After seeing this indie game for sale on Steam, I thought I’d try it out. I instantly loved it.
Machinarium is an indie point and click puzzle game. Developed by Amanita Design (the same people who brought us Botanicula and Samorost), it’s playable on a variety of platforms such as Microsoft Windows, OS X, iPad 2, Android, PlayStation 3 and PlayStation Vita.
The artwork is in a beautiful steampunk style, with amazing detail. The story is set in a post-apocalyptic world of metal cities and robots of all shapes and sizes. We follow our protagonist, a lovable little robot (I believe the real name is Josef, but I affectionately named it Banter) as it navigates its way from the scrapheap and through the city, dodging the mafia, stopping the bomb plot and finding its companion.

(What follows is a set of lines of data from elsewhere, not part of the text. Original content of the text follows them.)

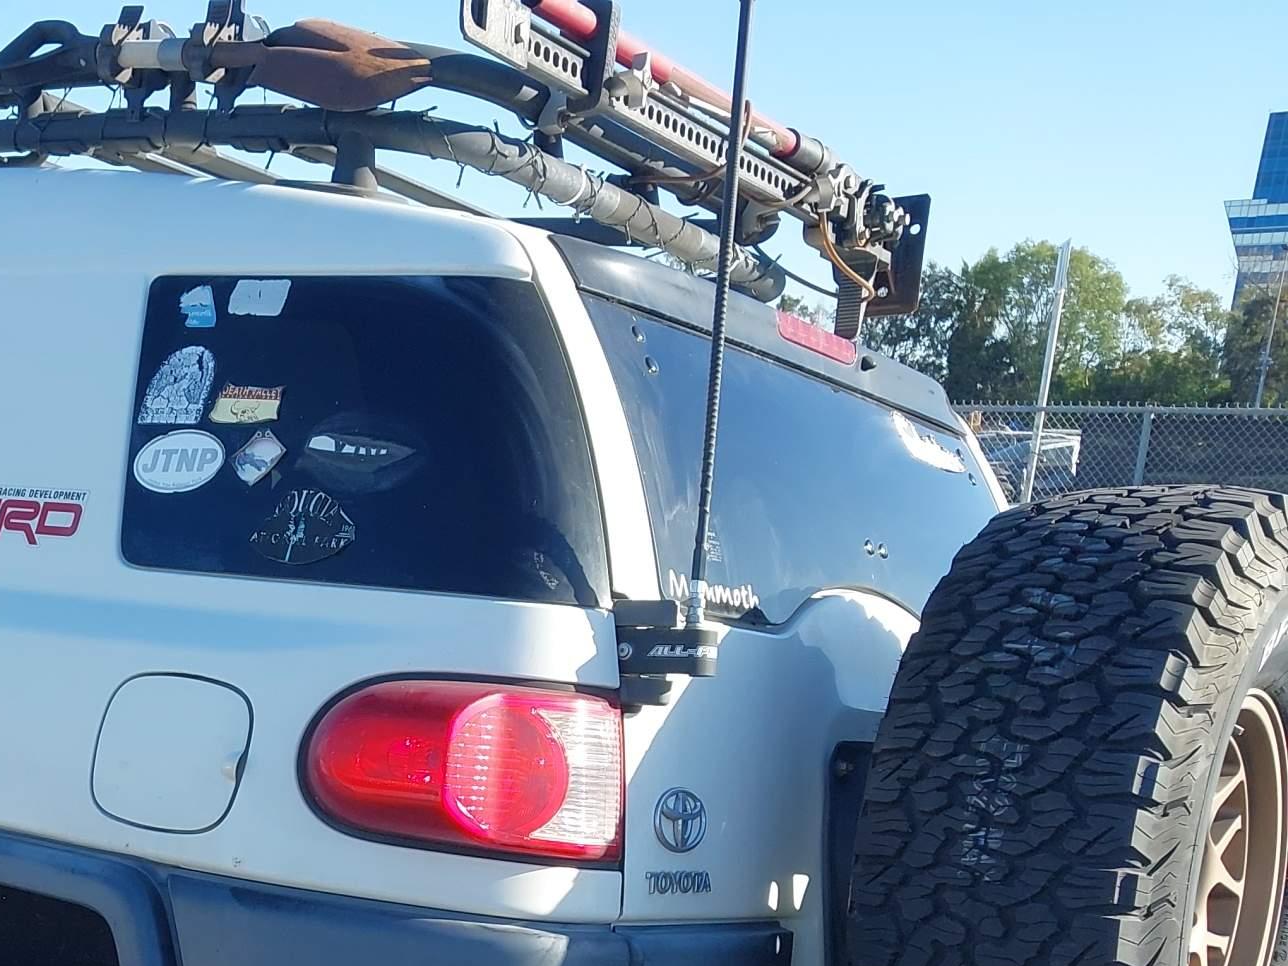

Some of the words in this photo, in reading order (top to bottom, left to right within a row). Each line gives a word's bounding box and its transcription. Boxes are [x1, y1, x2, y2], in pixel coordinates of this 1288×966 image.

[142, 447, 218, 473] JTNP
[29, 489, 87, 501] DEVELOPMENT
[669, 567, 761, 609] Mmmoth
[645, 871, 711, 894] TOYOTA
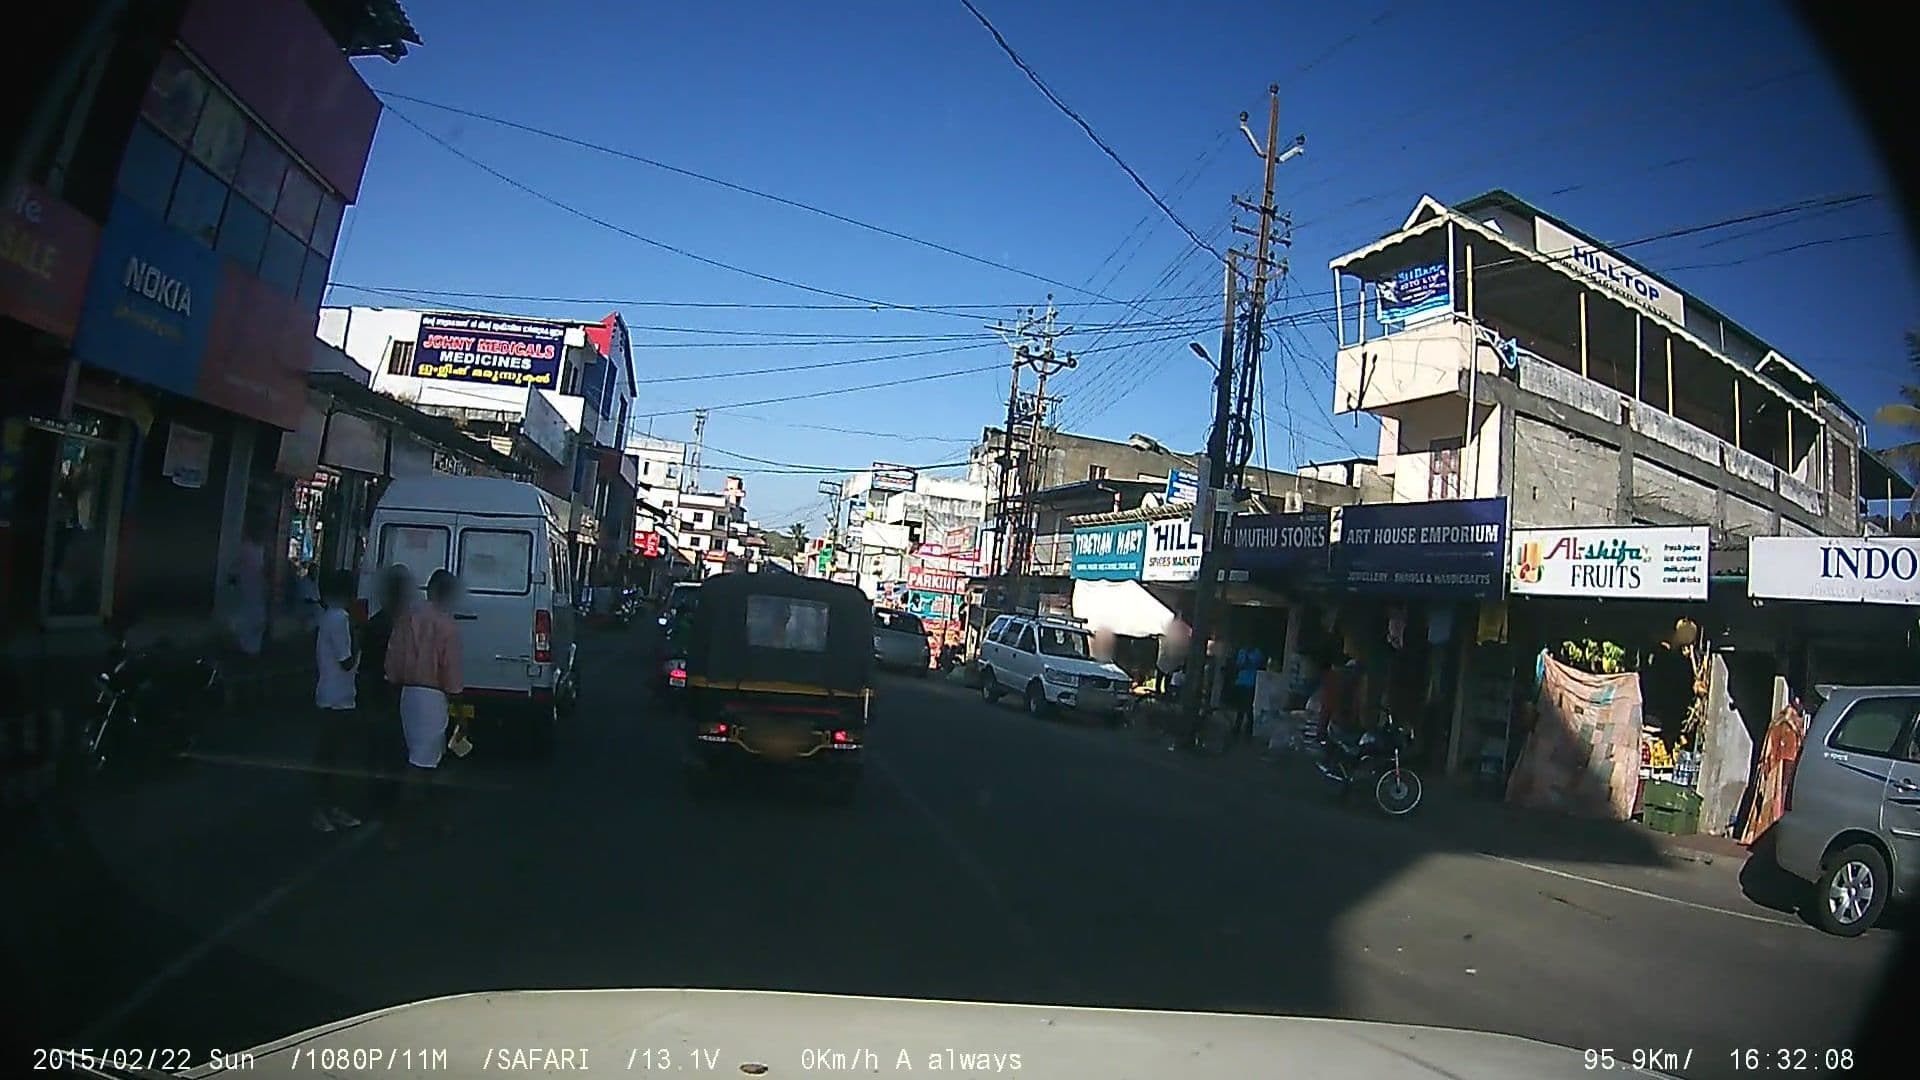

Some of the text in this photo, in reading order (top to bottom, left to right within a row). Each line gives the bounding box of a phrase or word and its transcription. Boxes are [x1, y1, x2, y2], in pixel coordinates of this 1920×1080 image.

[1573, 245, 1661, 300] HILLTOP
[124, 257, 192, 318] NOKIA
[423, 334, 555, 359] JOHNY MEDICALS
[440, 351, 532, 370] MEDICINES
[1154, 523, 1198, 551] HILL
[1280, 526, 1325, 547] STORES
[1347, 524, 1499, 544] ART HOUSE EMPORIUM
[1820, 546, 1918, 580] INDO
[1571, 565, 1641, 588] FRUITS

There’s no dialogue in this game, or any coherent language, apart from the cute garbled noises of the different robots. Instead, communication takes the form of gestures and animated thought and speech bubbles. Also, the soundtrack by Tomáš Dvořák, is both quirky and mesmerising – I listen to it when I study, and once played it through three times straight when writing on an essay. It’s just wonderful and eerie.
Machinarium is single player only, though there is nothing to stop it being played as a group, working through the puzzles together. The game increases in difficulty, going from fairly simple to WHAT DO I HAVE TO DO (but in a good way).
There are hints and clues which are available at each level, but I didn’t find them very useful, which is a downside. However, a unique feature about Machinarium is that Banter can only interact with objects in his reach. This stopped me from waving my cursor all over the screen until I found something I could click on. As a result, you actually explore the setting and the scenery, really taking in the amazing hand-drawn details in the artwork.
Banter’s little metal torso can be stretched up or contracted down to reach things (and so it can waddle around, clanking away as it does so). It has an inventory which holds the objects it collects on its journey, and these will be inevitably used to solve the puzzles (and can be combined). Helpfully, it never has to carry more than it needs, so we don’t have to sort through any useless stuff. Also, if you’ve been staring at the screen without making a move for a few minutes, it has little endearing flashbacks to his childhood, shown in his thought bubbles.
Machinarium is a beautiful and charming game, and as you follow the endearing Banter complete challenge after challenge, you just don’t want it to end.